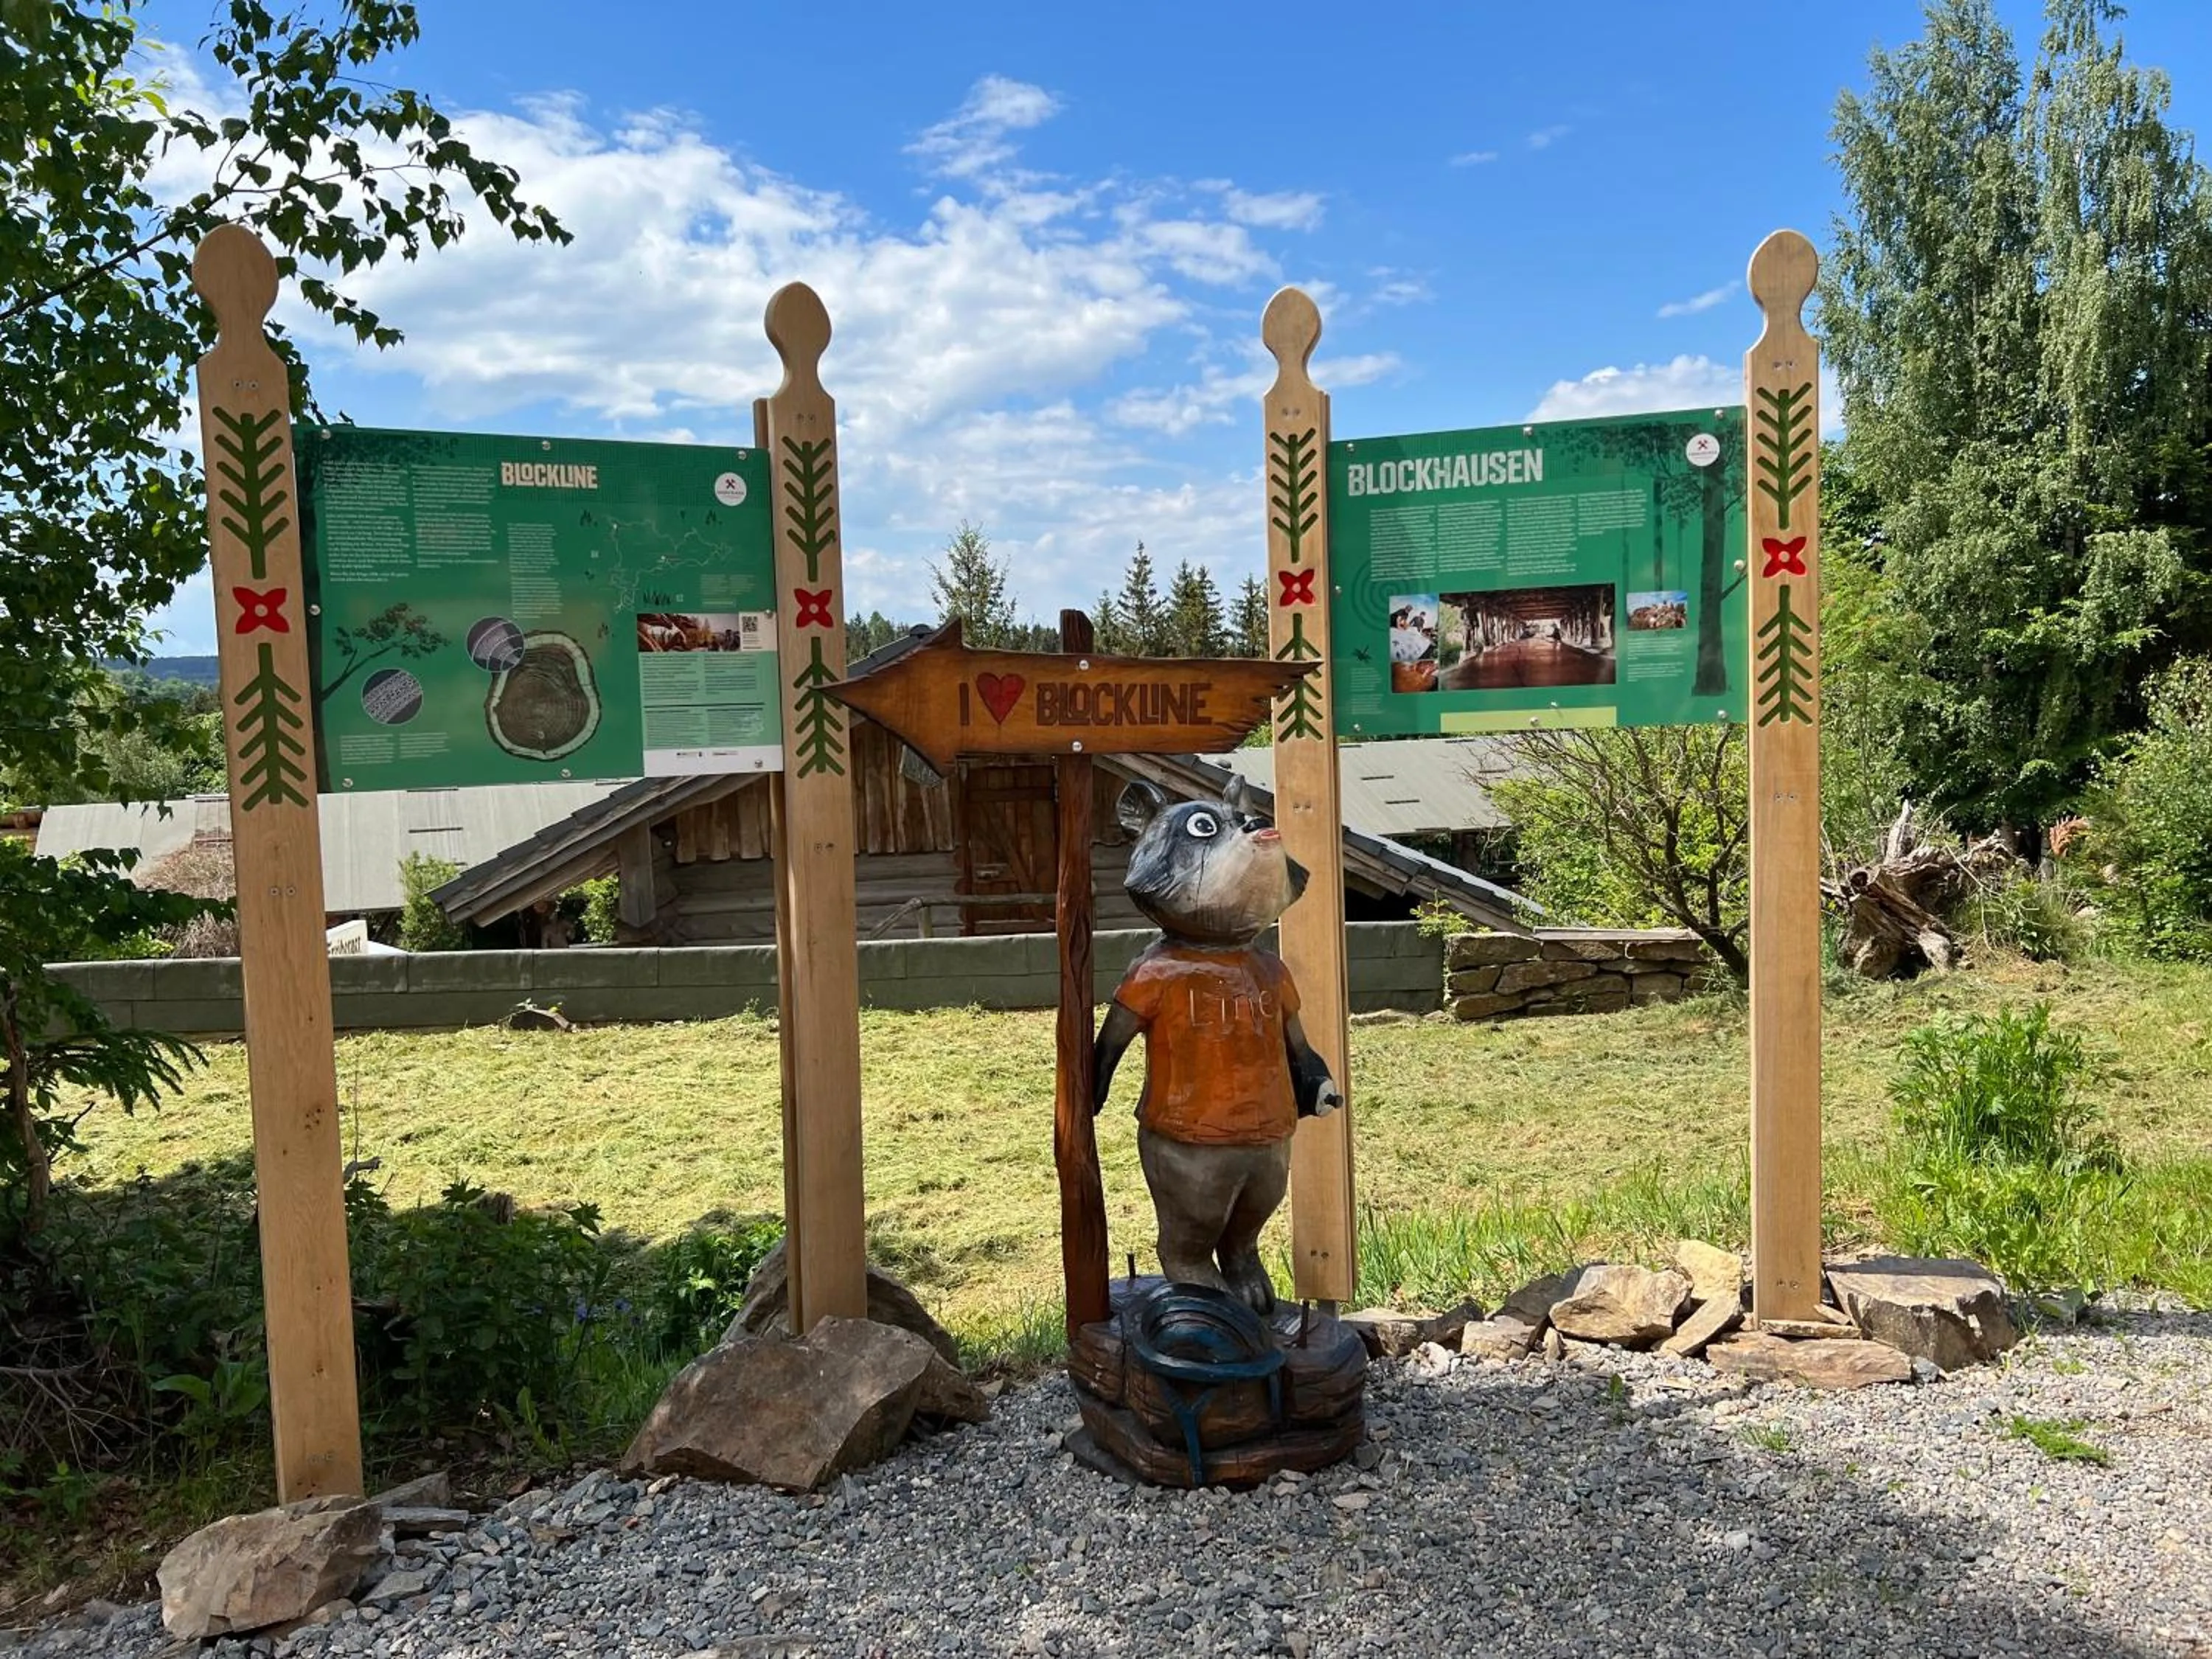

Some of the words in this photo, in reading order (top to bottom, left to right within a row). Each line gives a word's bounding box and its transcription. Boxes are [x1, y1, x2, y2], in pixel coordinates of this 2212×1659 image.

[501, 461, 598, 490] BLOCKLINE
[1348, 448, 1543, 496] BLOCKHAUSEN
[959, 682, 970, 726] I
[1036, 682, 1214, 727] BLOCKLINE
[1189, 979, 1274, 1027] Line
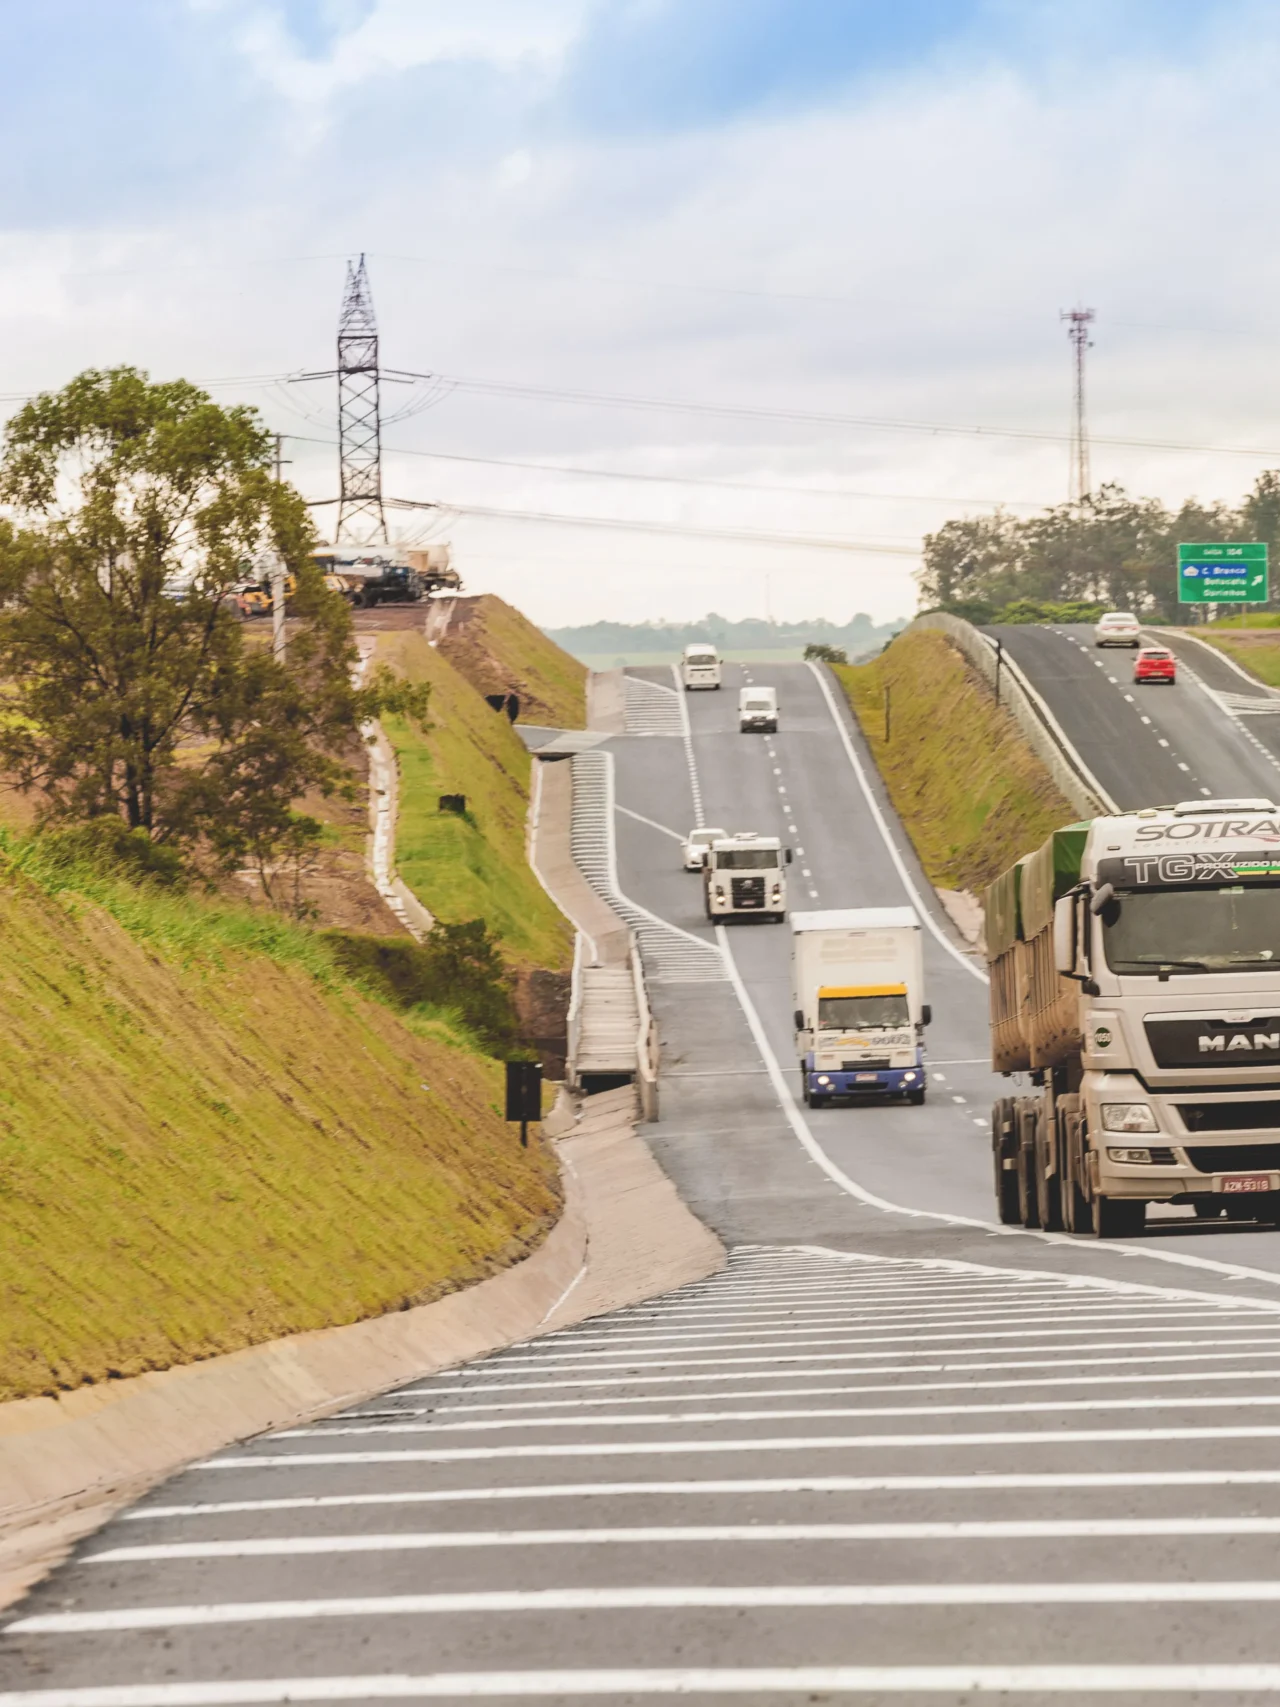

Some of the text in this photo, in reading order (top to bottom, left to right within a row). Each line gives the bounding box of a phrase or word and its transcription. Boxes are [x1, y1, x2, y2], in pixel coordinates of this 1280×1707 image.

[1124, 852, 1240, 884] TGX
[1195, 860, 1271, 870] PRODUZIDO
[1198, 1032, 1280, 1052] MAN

» What is being asked:
Would it be possible to print the records above verbatim, pictures omitted?

» Answer box:
Some of the words in this photo, in reading order (top to bottom, left to right within a row). Each line gives a word's bounding box and its transcription. Boxes are [x1, y1, x2, y2], in pixel coordinates of this 2212×1659 image.

[501, 461, 598, 490] BLOCKLINE
[1348, 448, 1543, 496] BLOCKHAUSEN
[959, 682, 970, 726] I
[1036, 682, 1214, 727] BLOCKLINE
[1189, 979, 1274, 1027] Line

Some of the text in this photo, in reading order (top to bottom, left to right within a row). Each line gives the bounding box of a phrase or word and its transcription. Boxes are [x1, y1, x2, y2], in pixel coordinates of this 1280×1707 image.

[1124, 852, 1240, 884] TGX
[1195, 860, 1271, 870] PRODUZIDO
[1198, 1032, 1280, 1052] MAN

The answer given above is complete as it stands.